An antibody against the human epidermal growth factor receptor (EGF), capable of activating its tyrosine kinase has been produced. Antibody 2913 recognizes only the cytoplasmic portion of the EGF receptor in A431 carcinoma cells, in normal human fibroblasts, and in a variety of other human tumor cell lines (Xu, Y.-A., Richert, N., Ito, S., Merlino, G. T., and Pastan, I. (1984) Proc. Natl. Acad. Sci. U. S. A. 81, 7308-7313). Indirect immunofluorescence and electron microscopy show that the antibody binds to intact cells only after membrane permeabilization. Moreover the antibody immunoprecipitates the v-erb-B gene product in avian myeloblastosis virus-infected cells but does not recognize the secreted form (105 kDa) of the A431 cell EGF receptor which lacks the cytoplasmic domain.

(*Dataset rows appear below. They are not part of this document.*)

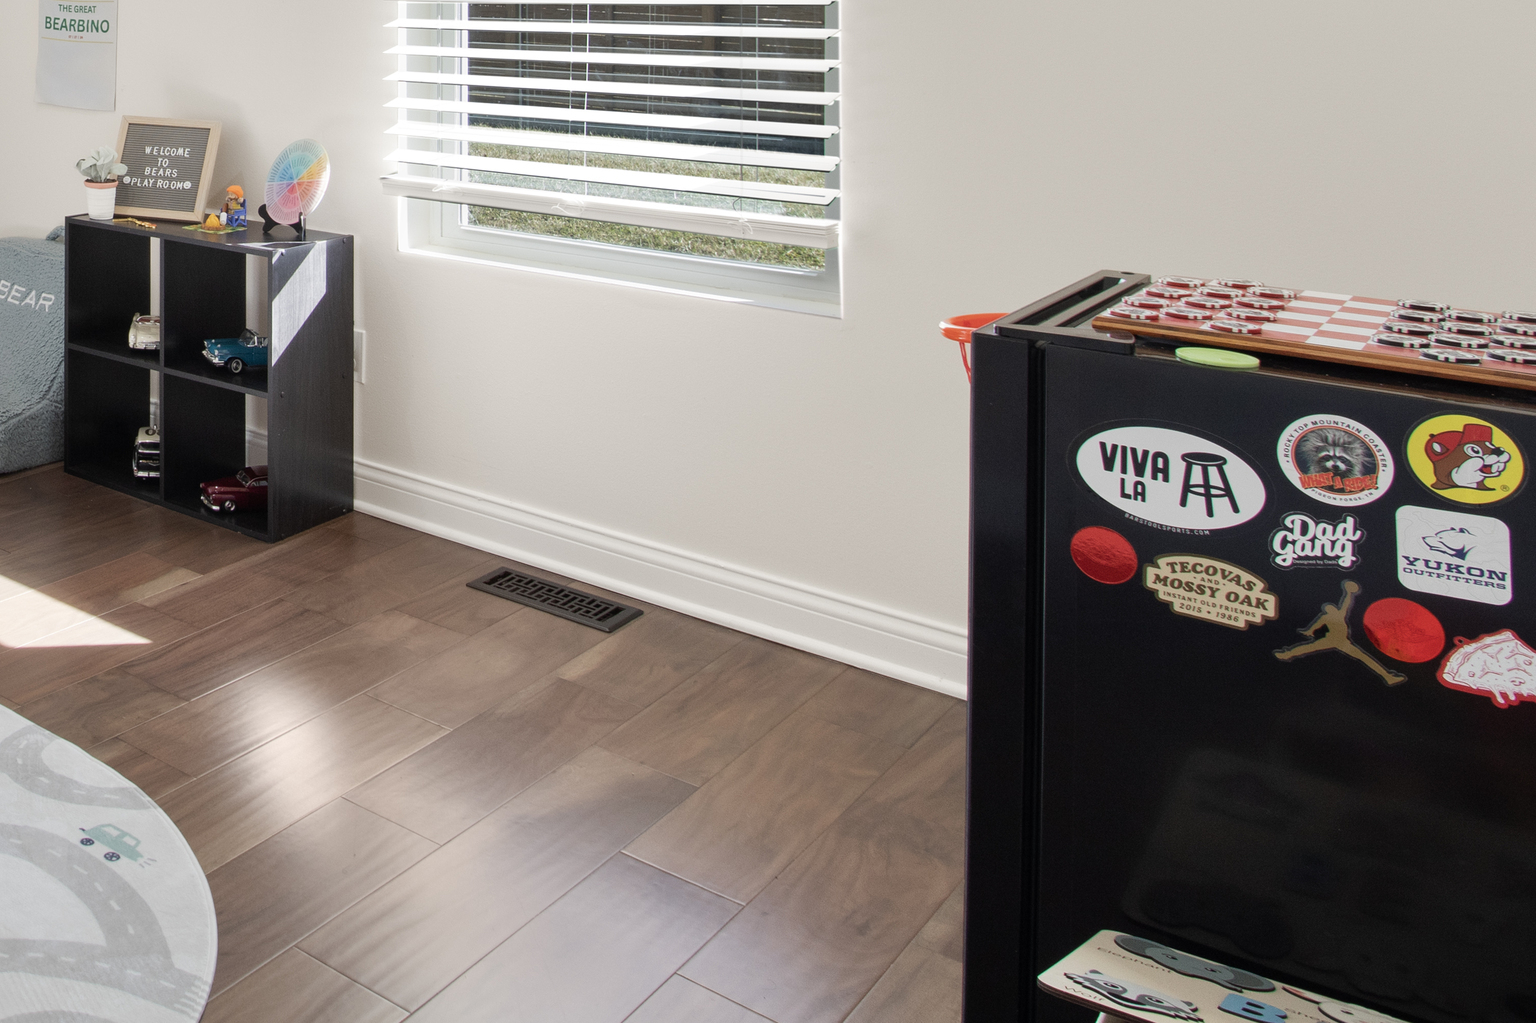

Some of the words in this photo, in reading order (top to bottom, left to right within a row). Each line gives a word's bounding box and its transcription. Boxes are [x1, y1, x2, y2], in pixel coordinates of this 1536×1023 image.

[58, 4, 72, 13] THE
[74, 5, 97, 14] GREAT
[45, 16, 110, 33] BEARBINO
[145, 146, 190, 157] WELCOME
[157, 158, 169, 167] TO
[144, 167, 178, 178] BEARS
[1284, 434, 1295, 458] ROCKY
[1293, 423, 1309, 434] TOP
[1311, 419, 1362, 434] MOUNTAIN
[1363, 434, 1387, 468] COASTER
[1099, 441, 1170, 483] VIVA
[1120, 477, 1146, 503] LA
[1298, 472, 1334, 489] WHAT
[1333, 476, 1344, 489] A
[1310, 488, 1337, 501] PIGEON
[1124, 513, 1211, 535] BARSTOOLSPORTS.COM
[1284, 514, 1362, 541] Dad
[1272, 530, 1357, 568] Gang
[1166, 561, 1256, 592] TECOVAS
[1402, 555, 1507, 582] YUKON
[1402, 567, 1506, 590] OUTFITTERS
[1152, 573, 1221, 598] MOSSY
[1225, 591, 1270, 611] OAK
[1200, 577, 1220, 586] AND
[1162, 590, 1197, 603] INSTANT
[1200, 599, 1217, 608] OLD
[1219, 604, 1257, 618] FRIENDS
[1179, 602, 1203, 614] 2015
[1215, 611, 1240, 623] 1986
[1097, 946, 1173, 974] Elephant

Antibody 2913 activates the EGF receptor kinase in solubilized A431 membranes causing autophosphorylation on tyrosine residues only. Tryptic peptide maps suggest that antibody 2913 and EGF stimulate phosphorylation of the same amino acid residues. By electron microscopy, the cytoplasmic portion of the receptor was followed throughout its endocytotic pathway. The results show that the kinase domain is rapidly degraded in lysosomes with no accumulation in the cytoplasm or in the nucleus.